Deux victimes du scandale financier Mount Real ont obtenu gain de cause pour environ 460 000$ contre la compagnie d'assurances Lloyd's.

Denis Guillemette et France Mercier, un couple possédant une épicerie à Saint-Damien-de-Buckland dans la région de Bellechasse, ont perdu 232 000$ avec des produits Mount Real, des placements associés à une présumée fraude de 130 millions de dollars en 2005. La Cour supérieure leur a donné raison mardi dans une poursuite intentée contre leur firme de courtage et sa compagnie d'assurances. Ils ont obtenu la somme exacte 460 050$, le tribunal ayant tenu compte des gains dont ils ont été privés.

«Ce jugement confirme les obligations fondamentales des conseillers financiers et que les assureurs ne peuvent se défiler en cas d'incompétence. C'est important pour les investisseurs de savoir qu'ils ont des chances de recours s'il leur arrive un malheur», dit Me Serge Létourneau, l'avocat des deux victimes de Denis Guillemette et France Mercier.

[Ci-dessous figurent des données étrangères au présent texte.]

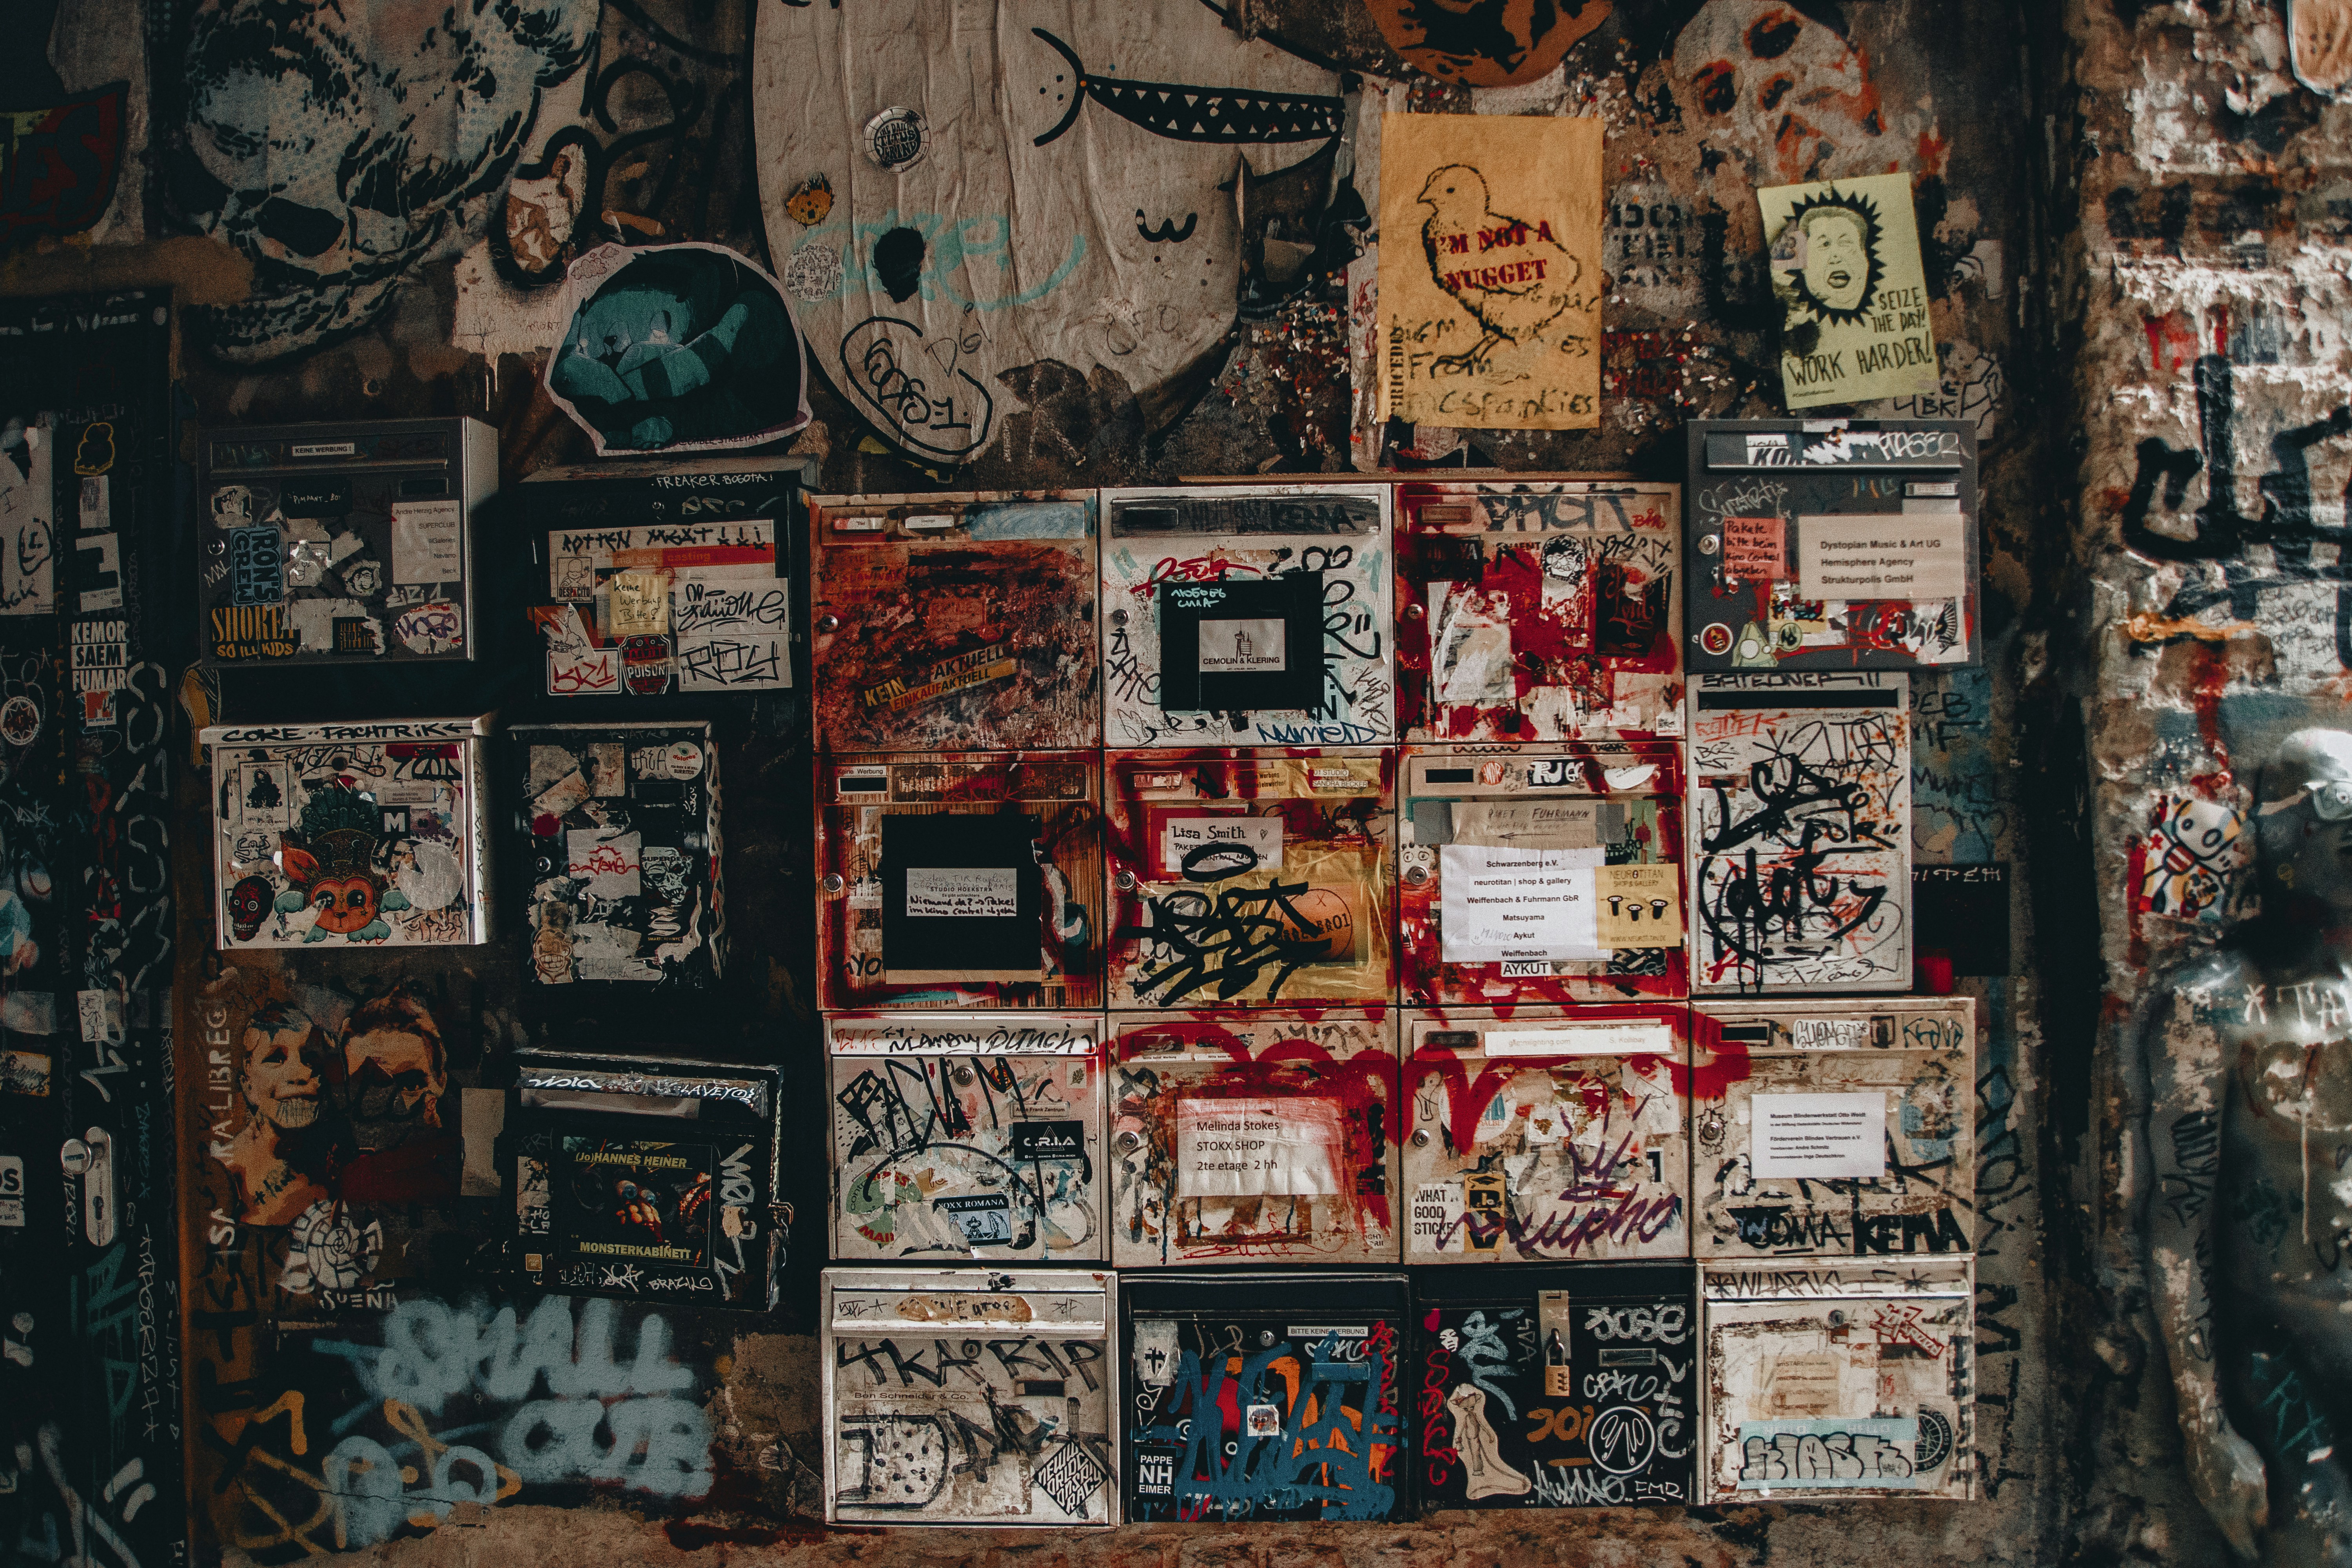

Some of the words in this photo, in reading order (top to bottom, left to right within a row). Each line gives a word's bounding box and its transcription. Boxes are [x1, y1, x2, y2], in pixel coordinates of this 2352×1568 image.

[877, 130, 916, 146] TITUS
[1430, 233, 1470, 255] I'M
[1478, 223, 1526, 252] NOT
[1537, 220, 1554, 243] A
[1446, 259, 1547, 291] NUGGET
[1879, 287, 1922, 310] SEIZE
[1872, 315, 1894, 333] THE
[1901, 307, 1926, 330] DAY!
[1787, 352, 1846, 385] WORK
[1856, 331, 1933, 375] HARDER!
[1821, 541, 1867, 551] Dystopian
[1870, 540, 1897, 548] Music
[1926, 540, 1940, 548] UG
[1821, 558, 1876, 568] Hemisphere
[1880, 558, 1914, 568] Agency
[1821, 575, 1881, 586] Strukturpolis
[1884, 575, 1913, 583] GmbH
[559, 587, 591, 597] DESPACITO
[620, 595, 661, 610] Werbung
[72, 621, 129, 643] KEMOR
[75, 645, 122, 667] SAEM
[217, 644, 236, 657] SO
[240, 646, 258, 657] ILL
[261, 642, 293, 656] KIDS
[934, 645, 1003, 680] AKTUELL
[627, 665, 665, 679] POISON
[73, 669, 126, 691] FUMAR
[865, 677, 906, 706] KEIN
[1171, 826, 1200, 839] Lisa
[1207, 825, 1246, 839] Smith
[910, 895, 953, 906] Niemand
[1503, 964, 1548, 975] AYKUT
[1197, 1120, 1241, 1131] Melinda
[1244, 1120, 1279, 1131] Stokes
[1197, 1141, 1232, 1151] STOKX
[1235, 1140, 1265, 1150] SHOP
[576, 1152, 641, 1166] (Jo)HANNES
[644, 1156, 687, 1169] HEINER
[1197, 1161, 1215, 1171] 2te
[1218, 1161, 1248, 1172] etage
[1254, 1160, 1260, 1170] 2
[1264, 1159, 1278, 1169] hh
[965, 1198, 1005, 1208] ROMANA
[1415, 1191, 1446, 1202] WHAT
[1414, 1207, 1444, 1219] GOOD
[580, 1241, 691, 1259] MONSTERKABINETT
[1140, 1455, 1173, 1465] PAPPE
[1139, 1465, 1172, 1484] NH
[1139, 1485, 1171, 1495] EIMER

Ayant investi ses économies dans des produits Mount Real, le couple d'entrepreneurs a poursuivi iForum, la firme de courtage de Mount Real, ainsi que la Lloyd's. Cette dernière assurait les activités professionnelles de leur courtier Yves Tardif, radié pour cinq ans en 2009 par la Chambre de la sécurité financière. Dans son contrat avec iForum, la Lloyd's était protégée par une clause d'exclusion de responsabilité en cas d'actes «frauduleux, malhonnêtes ou criminels ou d'une faute intentionnelle». La Cour supérieure a conclu que la police d'assurance s'appliquait malgré la cause d'exclusion parce que le courtier Yves Tardif avait agi par «incompétence».

«La preuve entendue ne permet pas [...] de conclure [...] que la faute du représentant Tardif comporte un caractère intentionnel», écrit le juge François Huot. Ce dernier estime que les deux victimes ont été mal conseillées par Yves Tardif, qui les a fait investir dans des placements aux Bahamas avec un rendement moyen de 6% à 8% par année.

Denis Guillemette et France Mercier ont aussi obtenu gain de cause contre Services financiers iForum et Valeurs mobilières iForum, mais cette victoire morale ne vaut rien financièrement, car les deux entreprises sont en faillite. C'est pourquoi la victoire contre la Lloyd's est si importante. L'avocat de la Lloyd's n'a pas rappelé La Presse Affaires hier.

Les autres victimes de Mount Real ne pourront profiter de la victoire de Denis Guillemette et France Mercier: trois ans après la fraude, les recours judiciaires deviennent prescrits. «Ceux qui voudront se coller au jugement risquent de frapper un os», dit Me Serge Létourneau.

Plus de cinq ans après la saisie des comptes de Mount Real par l'Autorité des marchés financiers, les victimes n'ont pas été remboursées. Quand l'AMF a saisi les comptes à la fin de l'année 2005, ils étaient vides. Environ 1600 investisseurs, dont le chanteur Bruno Pelletier qui a perdu 250 000$, avaient placé 130 millions de dollars dans l'organisation dirigée par le comptable Lino Matteo. Mount Real a été lancée par Norshield, la même firme qui a transféré les fonds du producteur de dessins animés Cinar aux Bahamas.

Les dirigeants de Mount Real, qui font face à des accusations pénales, n'ont pas encore été jugés. Le recours collectif des victimes de Mount Real n'a encore pas été entendu par un juge. Dans Norbourg, un scandale financier ayant éclaté la même année, le recours collectif des victimes vient de se conclure avec une entente hors cour de 55 millions de dollars et l'ex-PDG Vincent Lacroix a obtenu sa libération conditionnelle en janvier après avoir purgé une peine de prison pour fraude.